Advanced Format Usage¶

Custom Formatting¶

# Create custom table from JSON
scoutml search "bert" --output json | \
  jq -r '.[] | [.arxiv_id, .title[0:50], .citations] | @tsv' | \
  column -t -s $'\t'

# Generate HTML report
cat > template.html << 'EOF'
<!DOCTYPE html>
<html>
<head><title>Research Report</title></head>
<body>
<h1>Papers</h1>
<ul>
{{PAPERS}}
</ul>
</body>
</html>
EOF

papers=$(scoutml search "ai" --output json | \
  jq -r '.[] | "<li><a href=\"https://arxiv.org/abs/\(.arxiv_id)\">\(.title)</a> - \(.citations) citations</li>"')

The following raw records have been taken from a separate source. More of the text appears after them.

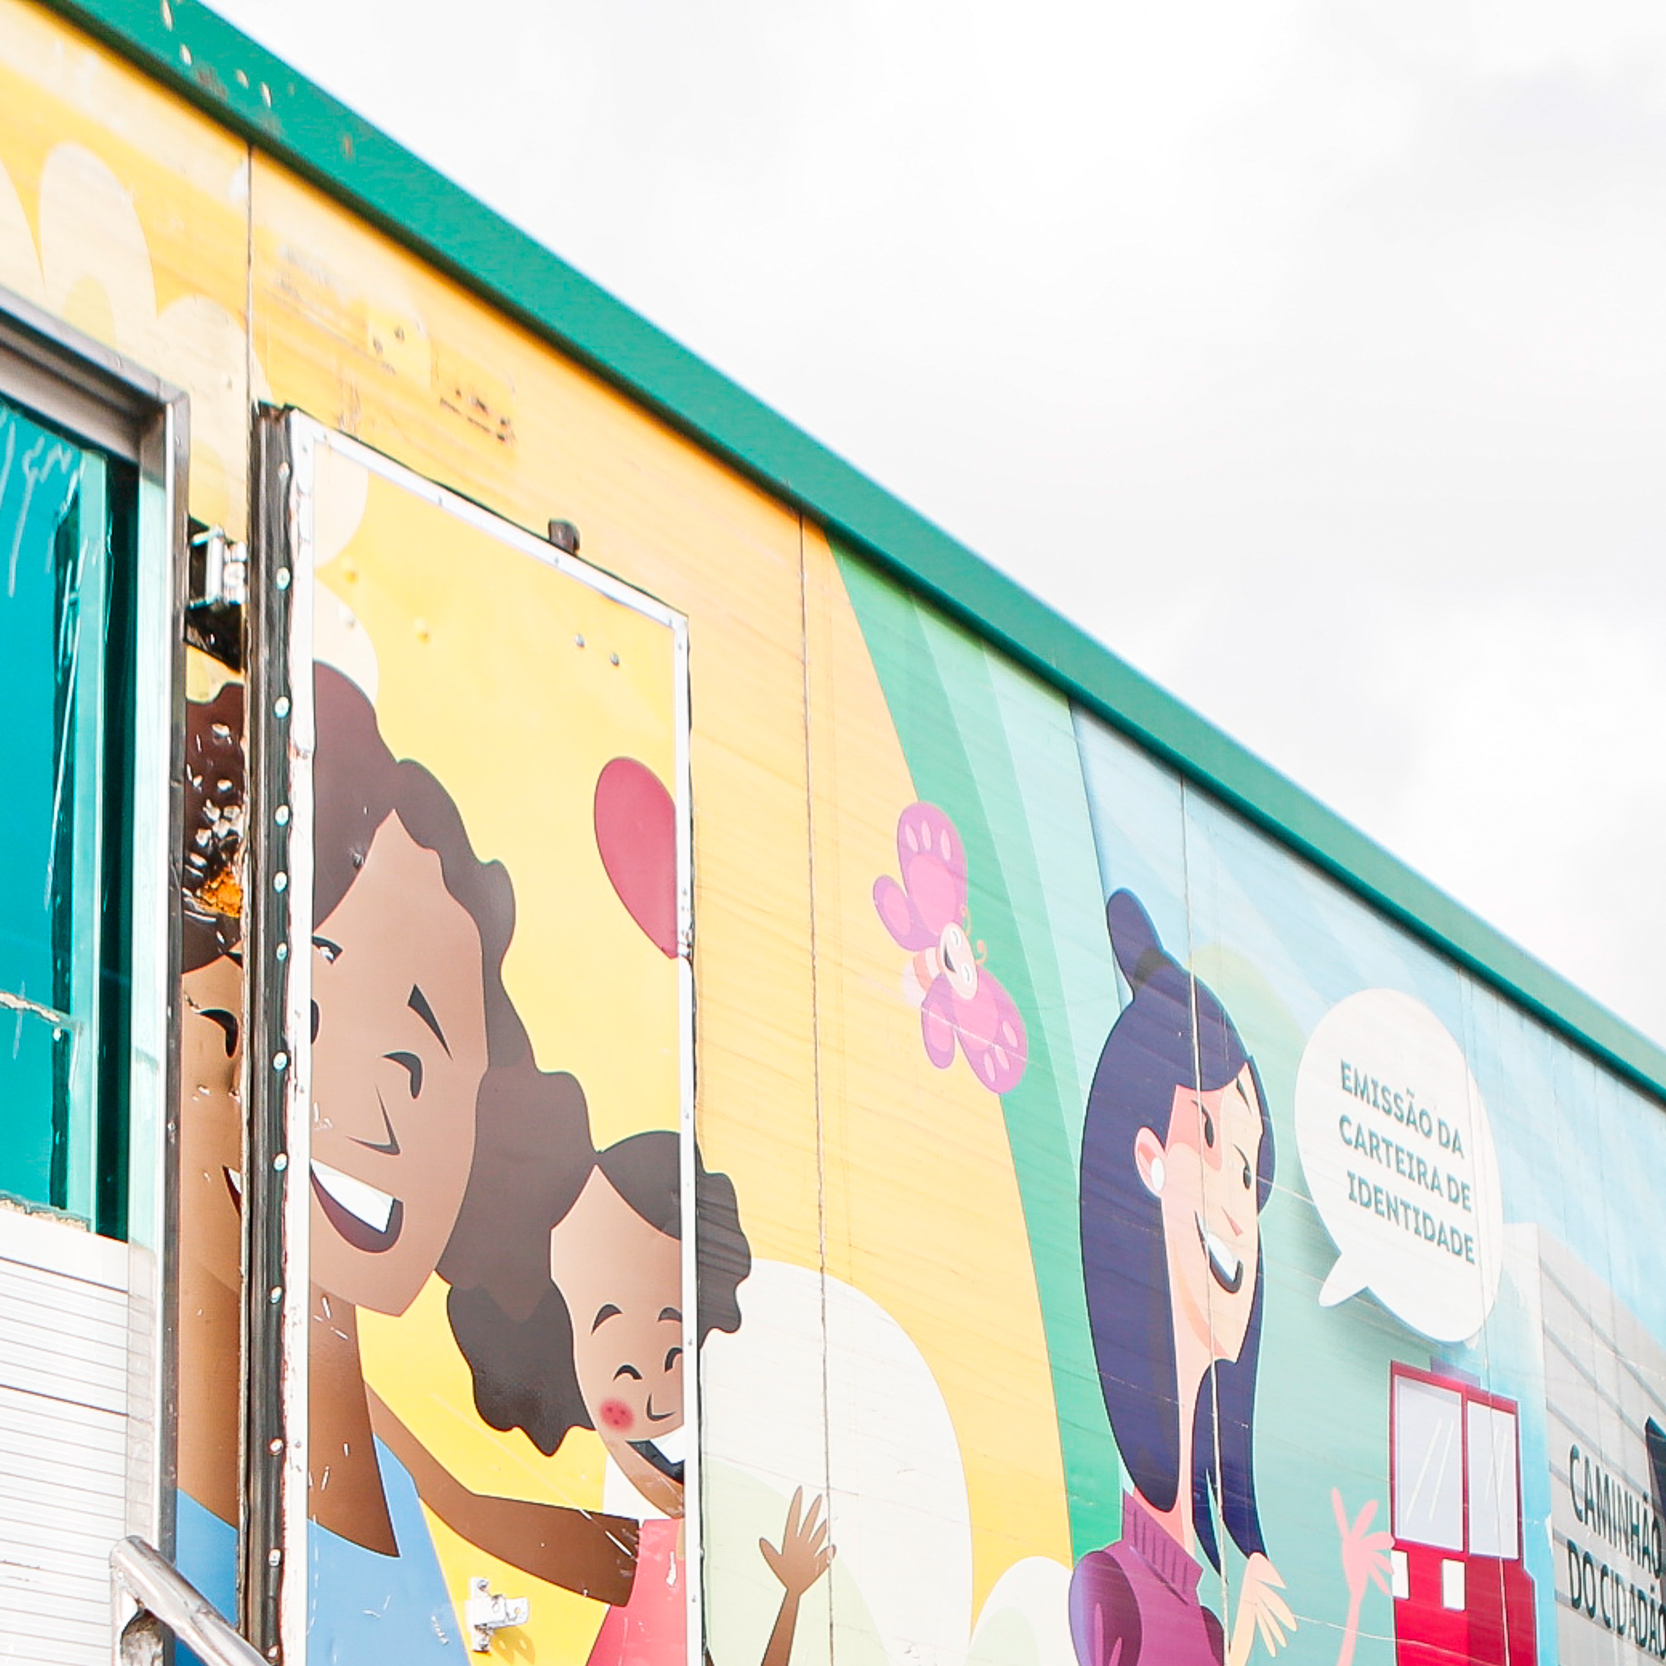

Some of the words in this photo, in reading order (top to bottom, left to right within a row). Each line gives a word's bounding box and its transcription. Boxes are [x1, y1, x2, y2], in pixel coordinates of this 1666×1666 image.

[1340, 1059, 1433, 1139] EMISSÃO
[1438, 1117, 1465, 1159] DA
[1339, 1114, 1444, 1198] CARTEIRA
[1447, 1173, 1472, 1213] DE
[1347, 1170, 1475, 1265] IDENTIDADE
[1569, 1444, 1662, 1579] CAMINHÃO
[1567, 1539, 1595, 1620] DO
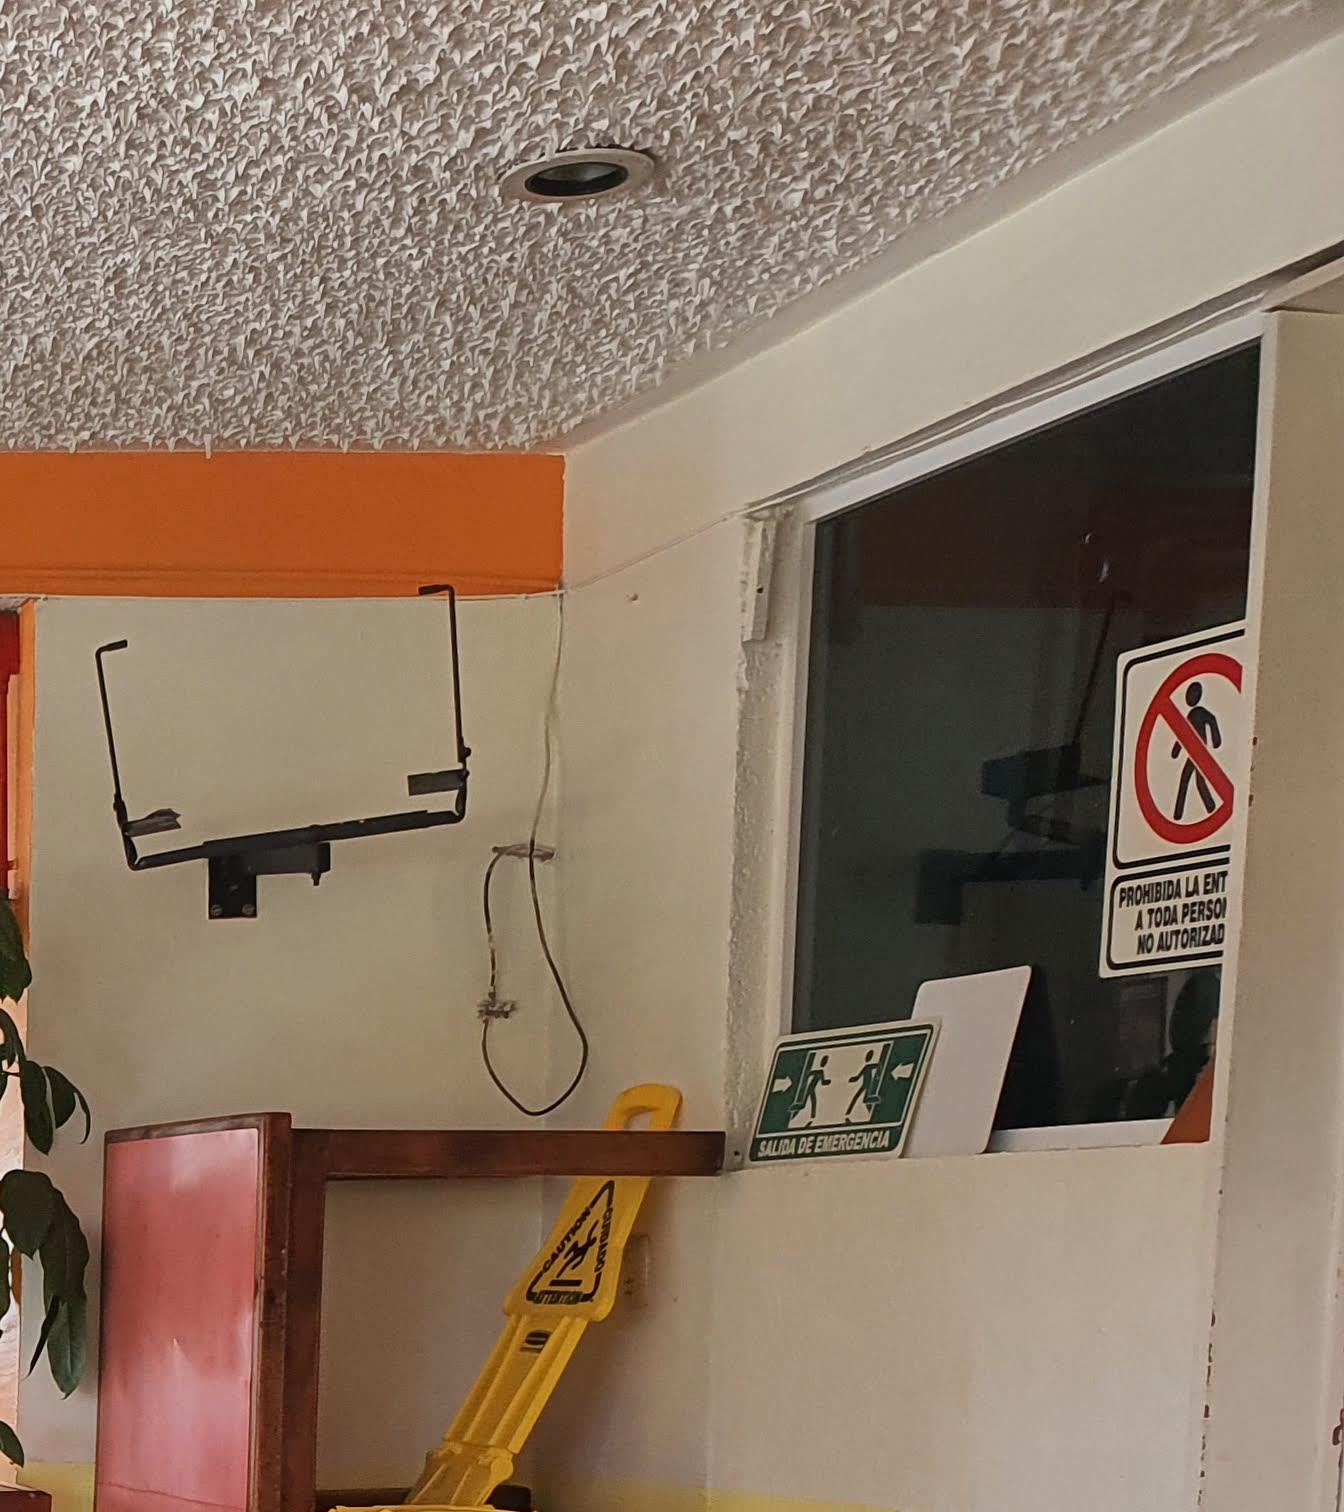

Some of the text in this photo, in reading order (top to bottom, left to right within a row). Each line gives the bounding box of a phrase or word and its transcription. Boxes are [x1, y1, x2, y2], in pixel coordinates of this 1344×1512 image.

[1118, 878, 1182, 908] PROHIBIDA
[1185, 875, 1199, 898] LA
[1134, 909, 1144, 931] A
[1147, 904, 1178, 929] TODA
[1136, 923, 1225, 955] NO AUTORIZAD
[758, 1130, 890, 1157] SALIDA DE EMERGENCIA
[542, 1207, 591, 1273] CAUTION
[594, 1207, 613, 1273] CUIDADO
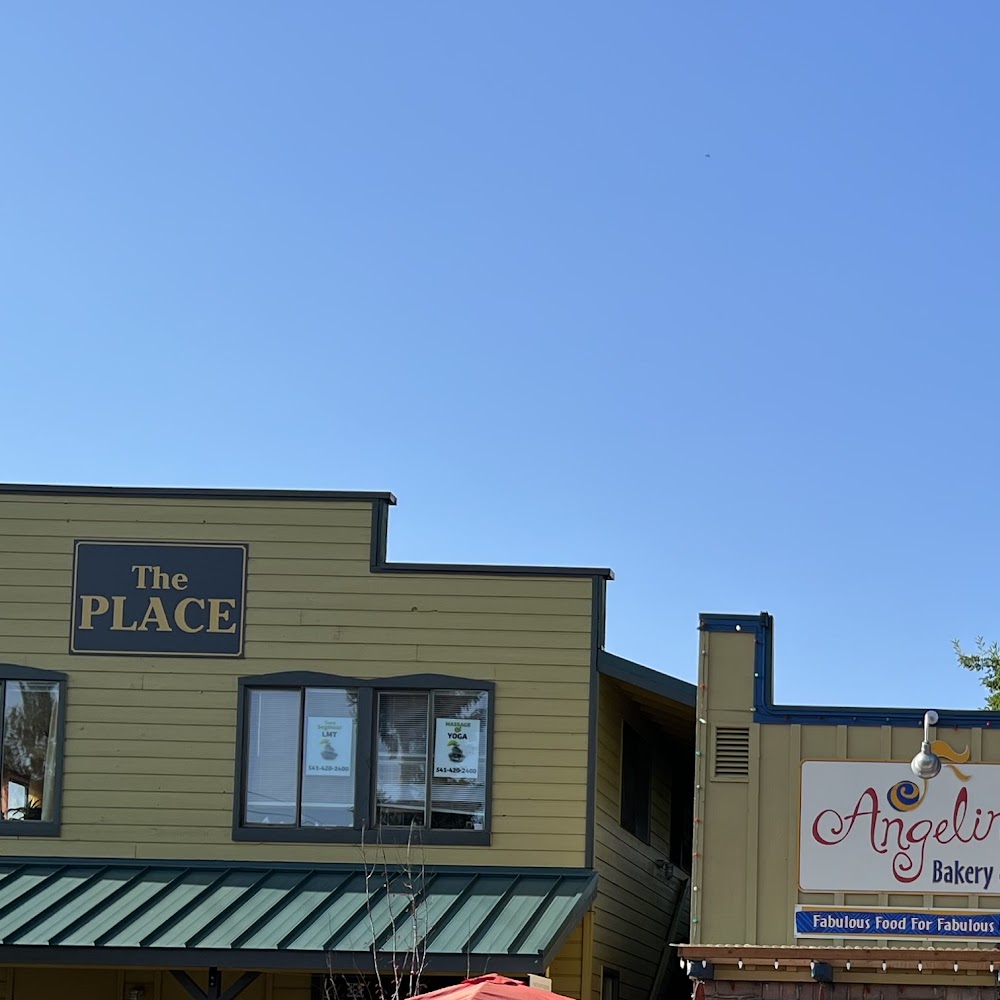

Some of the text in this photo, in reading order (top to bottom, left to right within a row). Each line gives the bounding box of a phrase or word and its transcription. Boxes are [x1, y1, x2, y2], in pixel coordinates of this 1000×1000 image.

[131, 565, 189, 590] The
[78, 594, 237, 634] PLACE
[308, 764, 350, 772] 541-420-2400
[932, 859, 994, 889] Bakery
[813, 914, 871, 930] Fabulous
[875, 916, 907, 931] Food
[911, 917, 933, 931] For
[937, 917, 995, 933] Fabulous

sed "s|{{PAPERS}}|$papers|" template.html > report.html

Format Conversion¶

# JSON to CSV
scoutml search "ml" --output json | \
  jq -r '["arxiv_id","title","year","citations"], 
         (.[] | [.arxiv_id, .title, .year, .citations]) | @csv' > data.csv

# CSV to Markdown table
csv2md() {
    local file=$1
    head -1 "$file" | sed 's/,/|/g' | sed 's/^/|/; s/$/|/'
    head -1 "$file" | sed 's/[^,]/-/g; s/,/|/g' | sed 's/^/|/; s/$/|/'
    tail -n +2 "$file" | sed 's/,/|/g' | sed 's/^/|/; s/$/|/'
}

# Rich output to plain text
scoutml paper 1810.04805 --output rich | \
  sed 's/\x1b\[[0-9;]*m//g' > plain.txt

Streaming Processing¶

# Process large result sets
scoutml search "deep learning" --limit 1000 --output json | \
  jq -c '.[]' | \
  while read -r paper; do
    # Process each paper
    echo "$paper" | jq -r '.arxiv_id'
  done

# Real-time filtering
scoutml search "ai" --output json --limit 100 | \
  jq --stream 'select(.[0][1] == "citations" and .[1] > 100)'

Export Options¶

Using --export Flag¶

# Export to specific file
scoutml search "bert" --output json --export results.json
scoutml review "transformers" --output markdown --export review.md

# Export with timestamp
scoutml search "ai" --output csv \
  --export "results_$(date +%Y%m%d_%H%M%S).csv"

Piping vs Export¶

# Piping (for immediate processing)
scoutml search "ml" --output json | jq '.[] | .title'

# Export (for storage)
scoutml search "ml" --output json --export data.json
jq '.[] | .title' data.json  # Process later

Format-Specific Tips¶

JSON Tips¶

Use jq for processing - It's powerful and fast
Validate JSON - jq empty file.json
Pretty print - jq '.' file.json
Compact output - jq -c '.'

CSV Tips¶

Quote handling - Use proper CSV parsers
Encoding - Ensure UTF-8 for international characters
Large files - Use streaming tools like csvkit
Headers - First row contains column names

Markdown Tips¶

Pandoc conversion - Convert to any format
GitHub rendering - Test in GitHub preview
Table limits - Some renderers have column limits
Link format - Use full URLs for compatibility

Performance Considerations¶

Format Performance¶

Format	Speed	Memory	File Size
JSON	Fast	Medium	Large
CSV	Fastest	Low	Small
Table	Slow	High	N/A
Rich	Slowest	Highest	N/A
Markdown	Medium	Medium	Medium

Optimization Tips¶

# For large datasets, use streaming
scoutml search "ai" --limit 10000 --output json | \
  jq -c '.[]' > large_dataset.jsonl  # JSON Lines format

# Process in chunks
split -l 1000 large_dataset.jsonl chunk_
for chunk in chunk_*; do
    process_chunk "$chunk" &
done
wait

Conclusion¶

Choosing the right output format is crucial for efficient workflows:

Use rich/table for human consumption
Use JSON for data processing
Use CSV for spreadsheet analysis
Use markdown for documentation

Always consider your end goal when selecting a format, and don't hesitate to convert between formats as needed.